O Miguel Sousa Tavares jornalista é uma figura que, há muito, leio com prazer e, em especial, com proveito, desde os tempos da “Grande Reportagem” à sua página no “Expresso”. Mais recentemente, tenho-o visto pouco na televisão, meio que, desde há um ano, frequento com uma imensa parcimónia.
Longe de mim, quando o leio ou oiço, estar sempre de acordo com ele! Mas reconheço-o como alguém que pensa a realidade portuguesa com um olhar culto, informado e empenhado. Além de que Sousa Tavares, mesmo quando comete erros, me pareceu sempre genuíno e sério, sem agendas escondidas nem sendo portador de recados de ninguém.
Pode não se apreciar o seu estilo enfático, às vezes quase sobranceiro, outras muito militante de certas causas que parece serem quase “teimas” pessoais. Muitas vezes, nessa frontalidade destemida para afirmar coisas, até em alguma ligeireza menos desculpável de certas abordagens, faz-me lembrar o seu pai, Francisco Sousa Tavares, uma figura muito interessante, um homem que tinha a polémica à flor da boca, e que igualmente correu os riscos de quem teimava em pensar, às vezes com erros e injustiças, pela própria cabeça.

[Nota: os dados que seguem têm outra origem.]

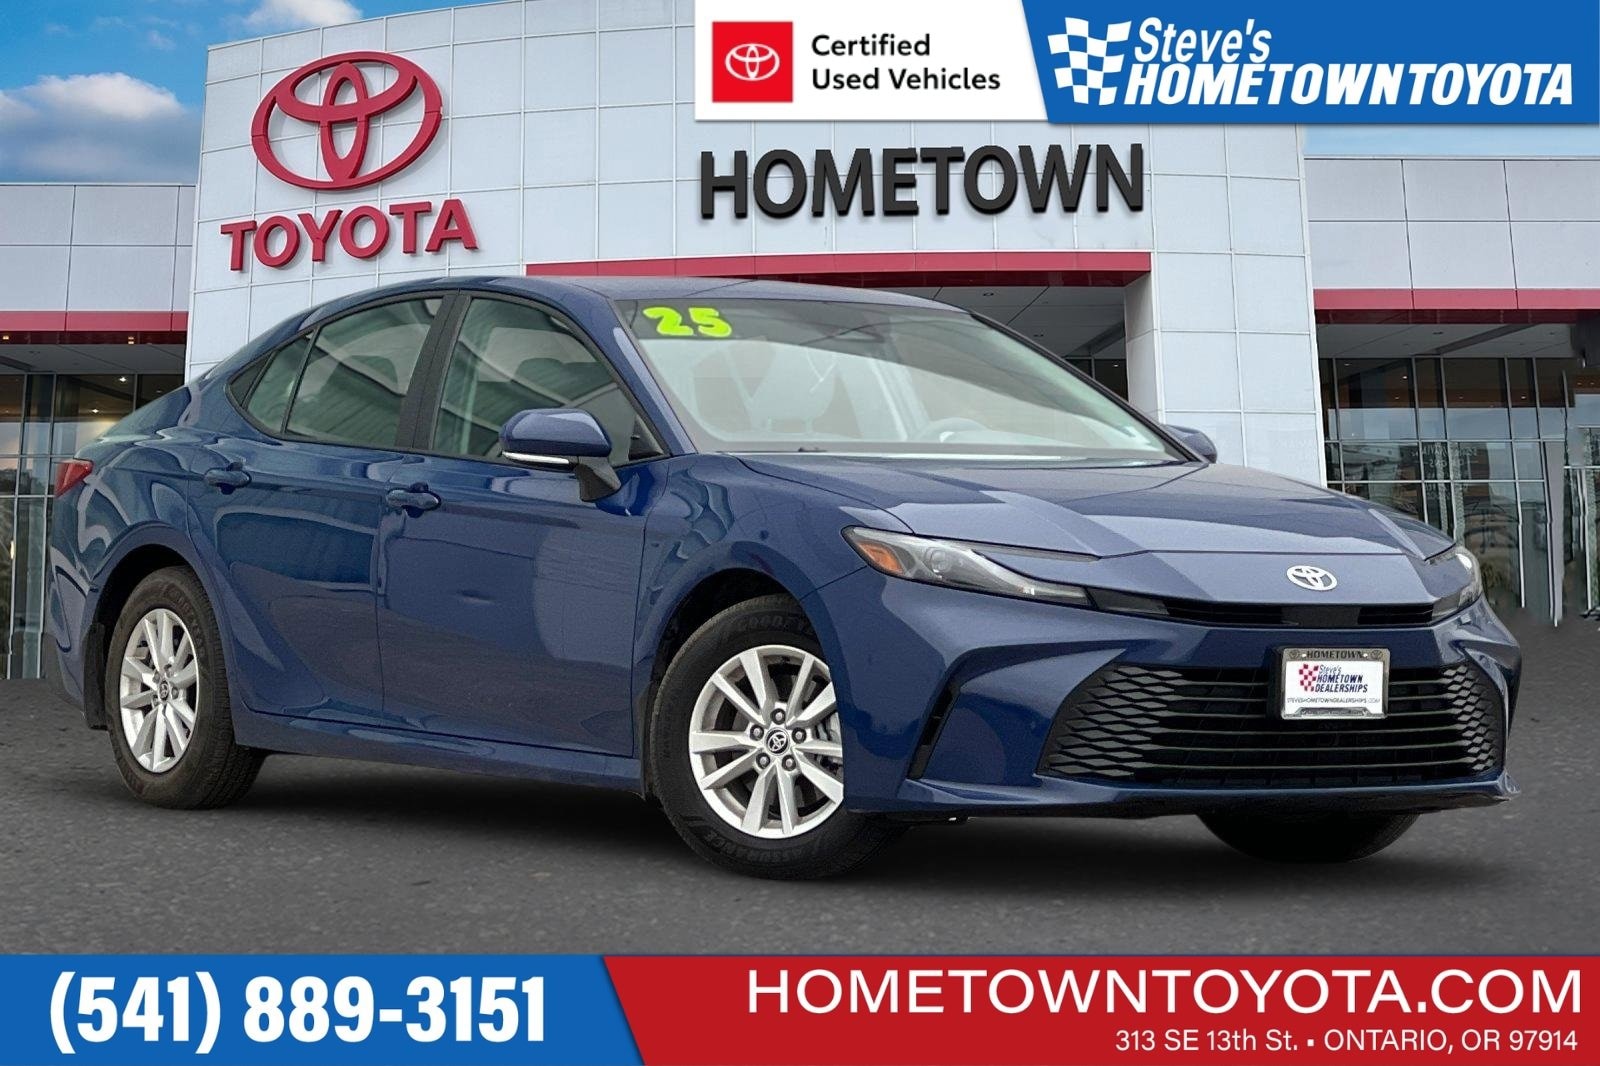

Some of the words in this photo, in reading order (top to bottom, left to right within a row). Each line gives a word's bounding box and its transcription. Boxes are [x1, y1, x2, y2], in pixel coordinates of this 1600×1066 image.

Miguel Sousa Tavares tem algumas “manias” e ódios ou amores de estimação com que às vezes embirro, que me irritam - e imagino que irritem muitos de quantos por aqui me leem. Mas gostava de deixar bem claro que, correndo os riscos que qualquer “tudólogo” sempre corre, ele esteve sempre a anos-luz, em matéria de qualidade, de alguma mediocridade que hoje pensa estar a ilustrar-se, quando fala por aí, às vezes do que não sabe nem estudou nem deu mostras de ter percebido, em colunas e comentários.
Por isso, reconhecendo o direito a Miguel Sousa Tavares de se ter cansado de tanta exposição mediática e ter decidido arrumar as botas da escrita precária para se dedicar àquilo que também faz muito bem - a escrita literária - quero dizer que não fico feliz com a sua saída do espaço público. E que, decididamente, não me coloco ao lado dos que aplaudem a sua “reforma” do jornalismo. Mas, tomada que foi a sua decisão, só posso desejar que ele se sinta mais feliz assim. Afinal, a vida é dele!